A sessão inicial é um momento de conhecimento mútuo. O psicólogo realiza a anamnese, coletando informações sobre o histórico do paciente e seus objetivos. É o momento de estabelecer o contrato terapêutico e explicar o dever do sigilo ético. O papel do terapeuta é criar um ambiente de acolhimento, permitindo que a pessoa se sinta segura para iniciar sua jornada.

Hábitos que auxiliam no processo terapêutico

O sucesso da psicoterapia é potencializado quando acompanhado de cuidados com a saúde física:

  1. Higiene do sono: Essencial para a regulação do humor.
  2. Exercícios físicos: Auxiliam na liberação de neurotransmissores de bem-estar.
  3. Alimentação equilibrada: Influencia a função cognitiva.
  4. Estabelecimento de limites: Protege a energia mental.
A terapia funciona como um catalisador de mudanças, mas o trabalho realizado fora do consultório é o que consolida os novos padrões de vida.

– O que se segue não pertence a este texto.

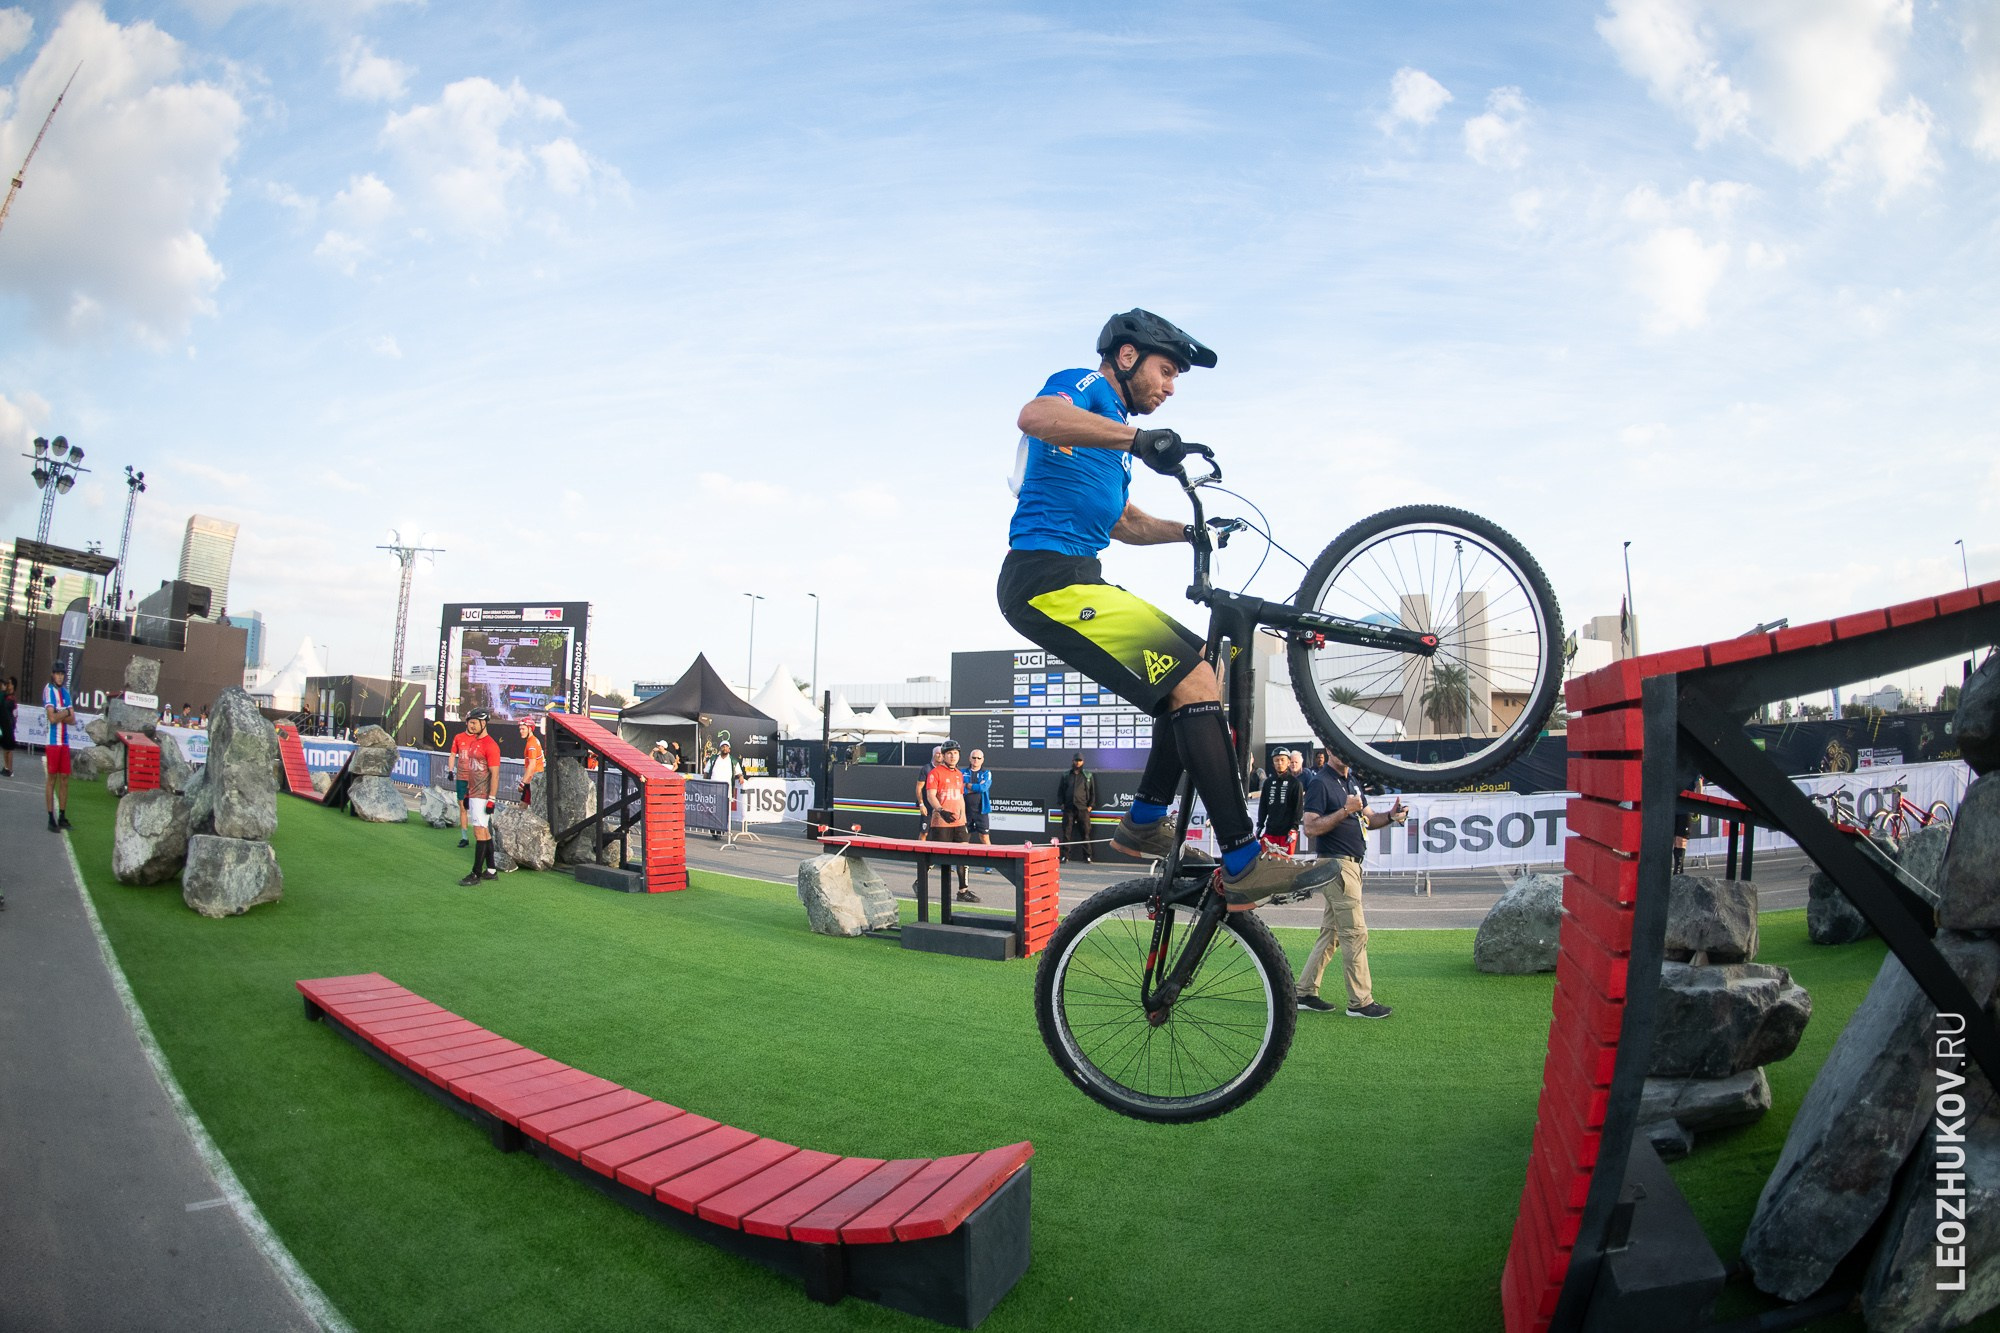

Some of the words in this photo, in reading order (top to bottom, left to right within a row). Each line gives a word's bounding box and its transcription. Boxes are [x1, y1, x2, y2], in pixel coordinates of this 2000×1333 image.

[465, 609, 480, 619] UCI
[1020, 655, 1042, 666] UCI
[66, 652, 74, 690] habi2024
[437, 640, 448, 707] #Abudhabi2024
[572, 641, 583, 714] #Abudhabi2024
[1860, 750, 1872, 758] UCI
[392, 757, 419, 778] ANO
[682, 793, 694, 802] bu
[694, 793, 717, 804] Dhabi
[740, 788, 809, 813] TISSOT
[1119, 793, 1134, 801] Abu
[685, 803, 696, 811] orts
[1000, 805, 1043, 813] CHAMPIONSHIPS
[1191, 815, 1205, 825] CI
[1379, 808, 1567, 855] TISSOT

Encontrando suporte profissional

A psicoterapia representa um investimento indispensável na qualidade de vida. Ao identificar a necessidade de suporte para lidar com questões emocionais, recomenda-se a busca por um psicólogo devidamente registrado, garantindo assim um atendimento ético e embasado cientificamente.

Referências

  1. IBGE. Pesquisa Nacional de Saúde (PNS 2019).
  2. Organização Mundial da Saúde (OMS). Diretrizes para o manejo de condições relacionadas ao estresse.
  3. Ministério da Saúde. Aumento de atendimentos em saúde mental na rede pública.